======== RECORD EXTRACTS

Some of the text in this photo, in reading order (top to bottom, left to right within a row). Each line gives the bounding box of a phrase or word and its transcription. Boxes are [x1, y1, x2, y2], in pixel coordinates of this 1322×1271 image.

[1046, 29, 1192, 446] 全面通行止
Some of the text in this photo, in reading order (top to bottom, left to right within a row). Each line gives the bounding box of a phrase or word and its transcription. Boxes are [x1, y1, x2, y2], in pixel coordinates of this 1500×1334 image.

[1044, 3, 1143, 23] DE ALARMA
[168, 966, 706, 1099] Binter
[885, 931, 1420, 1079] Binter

================

#### WORK ORDER:
Exactly reproduce the line containing "this 1500×1334 image." and all lines after it in the material, stopping only at the end.

#### SOLUTION TO THE EXERCISE:
Some of the text in this photo, in reading order (top to bottom, left to right within a row). Each line gives the bounding box of a phrase or word and its transcription. Boxes are [x1, y1, x2, y2], in pixel coordinates of this 1500×1334 image.

[1044, 3, 1143, 23] DE ALARMA
[168, 966, 706, 1099] Binter
[885, 931, 1420, 1079] Binter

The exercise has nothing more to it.